The Museums at The Mill

Paper mill
Setting aside space to honor history

Inside the offices of Paper City Development in downtown Vicksburg, Chris Moore’s enthusiasm about the mill, his hometown and its history are palpable. It’s fitting that photographs of Vicksburg’s past share space on the walls beside renderings of the future Mill at Vicksburg.

“People don’t know how much insanely wonderful history we have here (in Vicksburg),” Moore says. “You’ve got to paw back at it a little bit and expose it.”

And Moore — whose family has been in Vicksburg for 150 years — plans to expose the mill’s history via a planned museum on the site at The Mill at Vicksburg, along with museums for two other things he is passionate about: old stoves and beer.

Papermaking Museum

Chunk, chunk, chunk, chunk. Moore still remembers that sound that the rolls of paper created as they ran through the cutting machines in the Vicksburg paper mill’s finishing room when he worked there summers from 1983-88.

Workers would stick an orange tab between every 100 pieces cut and stack them on pallets. Then the pieces were wrapped, with 100 sheets per pack. As a “young buck college kid” amid the older regulars, Moore wondered just how many packages he could wrap during a shift.

“A normal pace was like 350 (packages), and I wrapped over 700, just because I wanted to see how far I could push it,” he says. “They put me in the little monthly flier for setting the record for the most packages wrapped. But the old guys weren’t real happy with me. Nobody should work that hard all of the time because you’d break your body.” Moore shakes his head and adds, “I was 22 and needed a challenge.”

Honoring Vicksburg’s papermaking history with a museum makes sense because, to many community members, including Moore, the former paper mill has familial roots. Before Moore worked at the mill, his father, Tim Moore, worked there as a purchasing manager. And before that, Moore’s grandfather, Gordon

Moore, worked his way up from janitor to mill engineer.
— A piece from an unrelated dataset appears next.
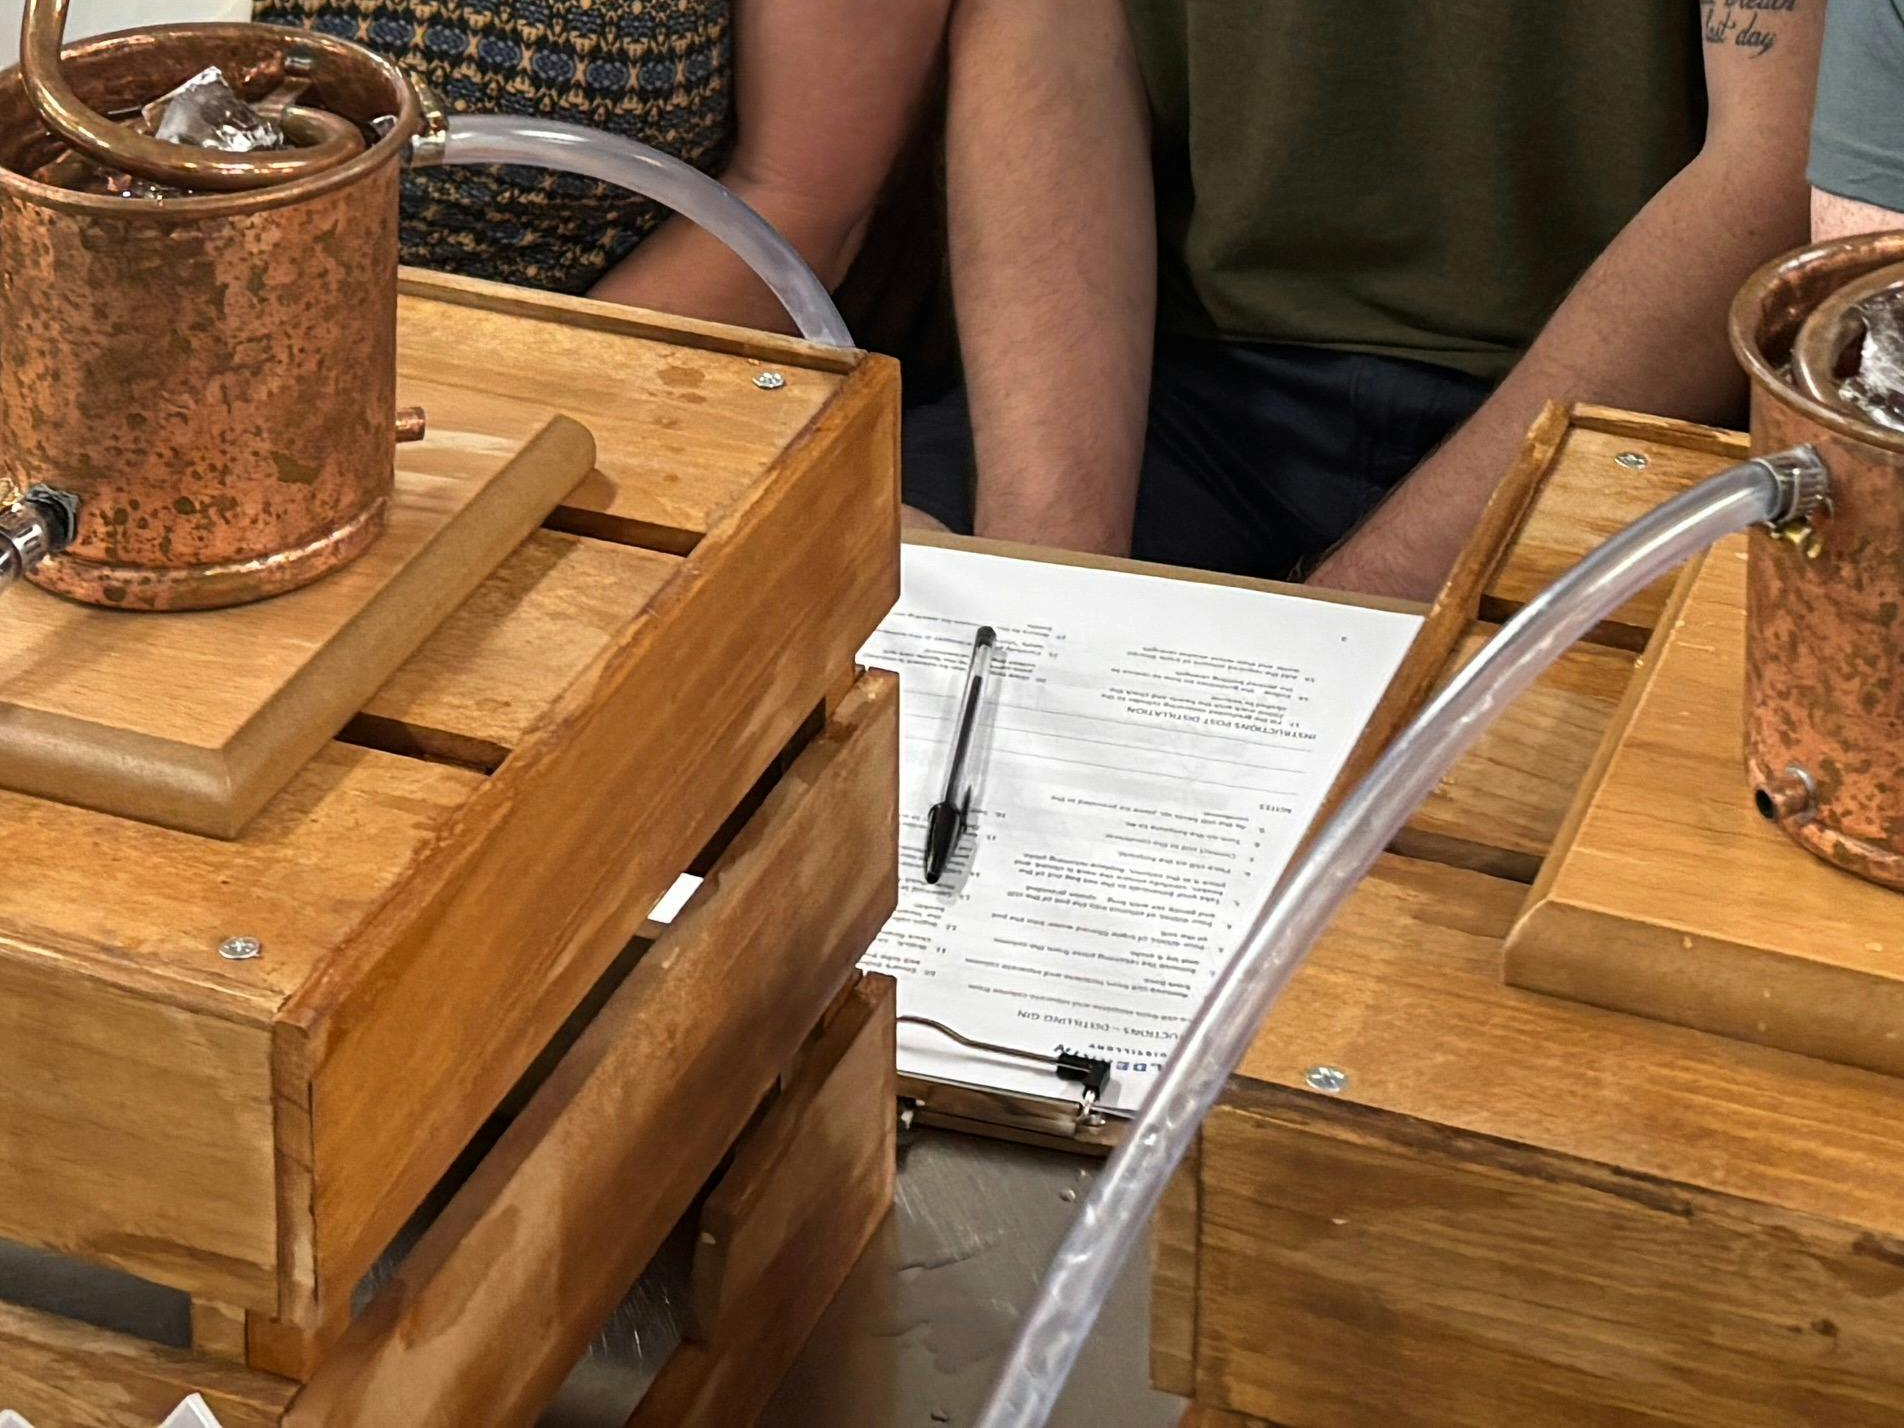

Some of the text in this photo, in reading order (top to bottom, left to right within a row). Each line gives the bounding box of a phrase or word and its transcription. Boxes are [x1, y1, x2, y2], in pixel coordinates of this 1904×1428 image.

[1735, 11, 1777, 60] day
[1127, 706, 1316, 739] INSTRUCTIONS POST DISTILLATION
[1017, 1010, 1040, 1020] GIN
For the Papermaking Museum, Moore says, he doesn’t possess many artifacts, because those who owned the mill before him removed and sold everything.

Former employees have donated some items, but the museum will be “guided tours where we walk through the mill, seeing where the machine room was and where the beater room (a room with beaters that chopped up paper or cotton to get bleached, boiled and turned into a slurry) was and have information about how that worked,” Moore explains. “We have big, cool black-and-white photos of certain rooms (and) what certain areas of the mill did.”

Stove Museum

When Moore was growing up, his family heated their home with a Kalamazoo Stove Co. parlor stove. He fondly recalls piling on winter clothes and trudging to the woodpile, with his dog Streaker riding shotgun in the wheelbarrow. Over the years, Moore’s interest in Kalamazoo Stove Co. stoves has only heightened.
Even in Seattle, his love of these stoves is no secret.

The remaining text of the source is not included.